It's on those who want alternative explanations to demonstrate even the slightest need for them exists - there is no scientific evidence that exists which suggests the operation of brains as computers, as information processors, as substrate independent equivalents to Turing machines, are insufficient to any of the cognitive phenomena known across the entire domain of human knowledge.
We are brains in bone vats, connected to a wonderful and sophisticated sensorimotor platform, and our brains create the reality we experience by processing sensor data and constructing a simulation which we perceive as subjective experience.
The explanation we have is sufficient to the phenomenon. There's no need or benefit for searching for unnecessarily complicated alternative interpretations.
If you aren't satisfied with the explanation, it doesn't really matter - to quote one of Neil DeGrasse Tyson's best turns of phrase: "the universe is under no obligation to make sense to you"
If you can find evidence, any evidence whatsoever, and that evidence withstands scientific scrutiny, and it demands more than the explanation we currently have, then by all means, chase it down and find out more about how cognition works and expand our understanding of the universe. It simply doesn't look like we need anything more, in principle, to fully explain the nature of biological intelligence, and consciousness, and how brains work.
Mind as interdimensional radios, mystical souls and spirits, quantum tubules, none of that stuff has any basis in a ruthlessly rational and scientific review of the science of cognition.
That doesn't preclude souls and supernatural appearing phenomena or all manner of "other" things happening. There's simply no need to tie it in with cognition - neurotransmitters, biological networks, electrical activity, that's all you need.
Right back at you, brochacho. I'm not the one making a positive claim here. You're the one who insists that it must work in a specific way because you can't conceive of any alternatives. I have never seen ANY evidence or study linking any existent AI or computer system to human cognition.
>There's no need or benefit for searching for unnecessarily complicated alternative interpretations.
Thanks, if it's alright with you I might borrow this argument next time somebody tries to tell me the world isn't flat.
>It simply doesn't look
That's one of those phrases you use when you're REALLY confident that you know what you're talking about.
> like we need anything more, in principle, to fully explain the nature of biological intelligence, and consciousness, and how brains work.
Please fully explain the nature of intelligence, consciousness, and how brains work.
>Mind as interdimensional radios, mystical souls and spirits, quantum tubules, none of that stuff has any basis in a ruthlessly rational and scientific review of the science of cognition.
well i definitely never said anything even remotely similar to that. If i didn't know any better i might call this argument a "hallucination".
This is the point, we don't know the delta between brains and AI any assumption is equivalent to my statement.
But I think most people get what GP means.
When you think in these terms, it becomes clear that LLMs can’t have certain types of experiences (eg see in color) but could have others.
A “weak” panpsychism approach would just stop at ruling out experience or qualia based on physical limitations. Yet I prefer the “strong” pansychist theory that whatever is not forbidden is required, which begins to get really interesting (would imply that for example an LLM actually experiences the interaction you have with it, in some way).
As for applying the word thinking to AI systems, it's already in common usage and this won't change. We don't have any other candidate words, and this one is the closest existing word for referencing a computational process which, one must admit, is in many ways (but definitely not in all ways) analogous to human thought.
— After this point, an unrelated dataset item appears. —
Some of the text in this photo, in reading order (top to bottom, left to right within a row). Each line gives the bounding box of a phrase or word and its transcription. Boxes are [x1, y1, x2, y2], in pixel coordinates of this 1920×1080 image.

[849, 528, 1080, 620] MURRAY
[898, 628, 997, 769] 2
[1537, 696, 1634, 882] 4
I think there is abundant evidence that the answer is ‘no’. The main reason is that consciousness doesn’t give you new physics, it follows the same rules and restrictions. It seems to be “part of” the standard natural universe, not something distinct.
if there's surely no algo to solve the halting problem, why would there be maths that describes consciousness?
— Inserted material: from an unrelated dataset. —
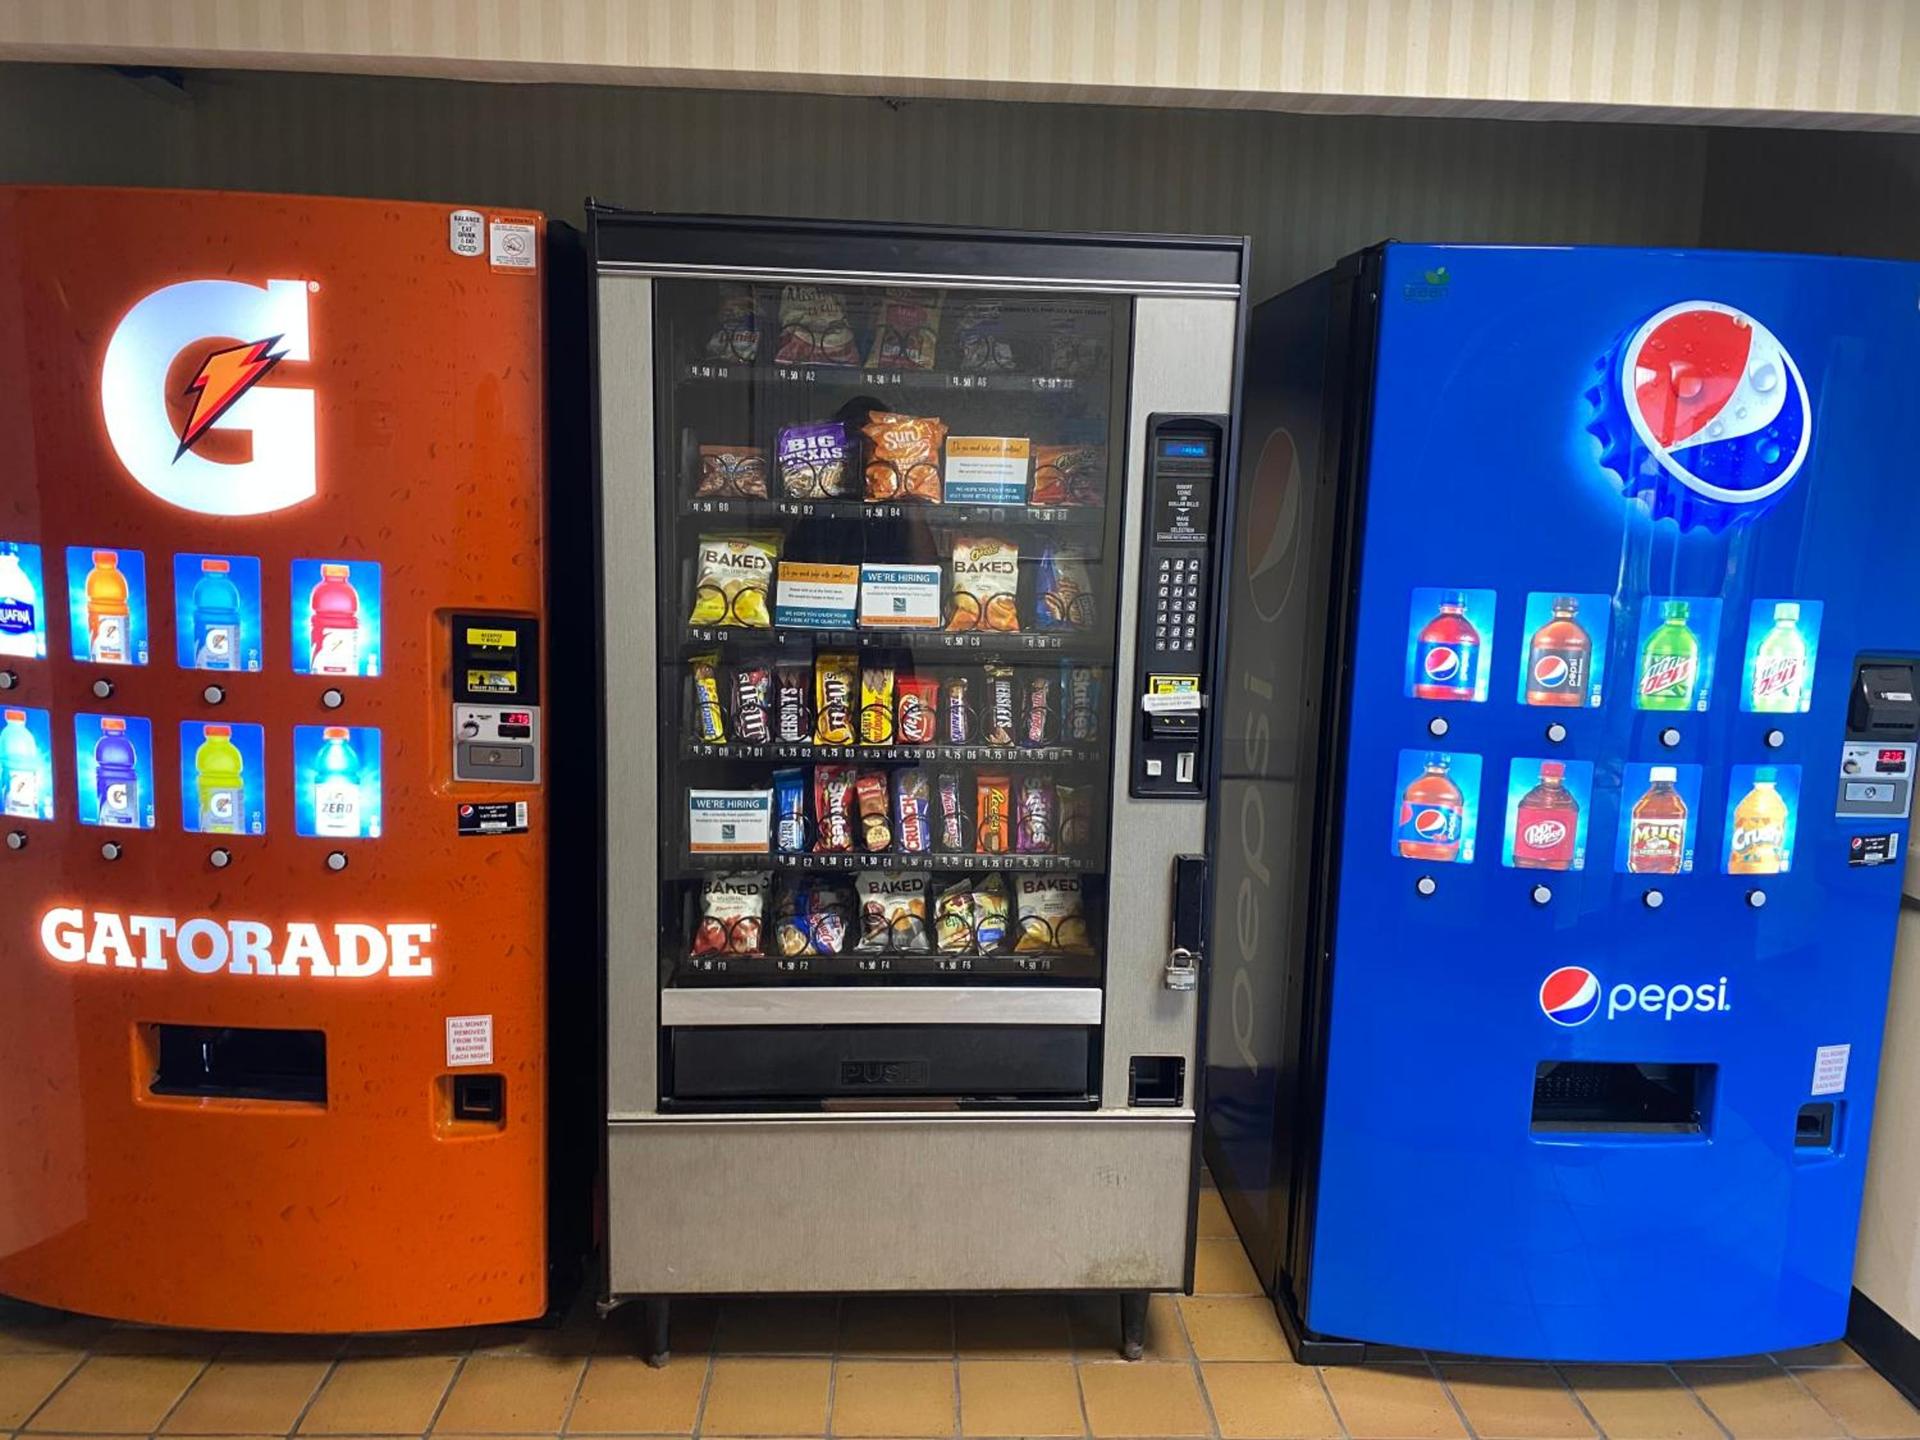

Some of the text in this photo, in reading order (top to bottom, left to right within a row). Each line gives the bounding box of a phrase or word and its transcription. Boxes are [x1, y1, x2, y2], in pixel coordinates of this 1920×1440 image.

Having read “I Am a Strange Loop” I do not believe Hofstadter indicates that the existence of Gödel’s theorem precludes consciousness being realizable on a Turing machine. Rather if I recall correctly he points out that as a possible argument and then attempts to refute it.
On the other hand Penrose is a prominent believer that human’s ability to understand Gödel’s theorem indicates consciousness can’t be realized on a Turing machine but there’s far from universal agreement on that point.
I'll try and ask OG q more clearly: why would the brain, consciousness, be formalizable?
I think there's a yearn view nature as adhering to an underlying model, and a contrary view that consciousness is transcendental, and I lean towards the latter
That wasn't the assumption though, it was only that human brains work by some "non-magical" electro-chemical process which could be described as a mechanism, whether that mechanism followed the same principles of AI or not.
They're not equivalent at all because the AI is by no means biological. "It's just maths" could maybe be applied to humans but this is backed entirely by supposition and would ultimately just be an assumption of its own conclusion - that human brains work on the same underlying principles as AI because it is assumed that they're based on the same underlying principles as AI.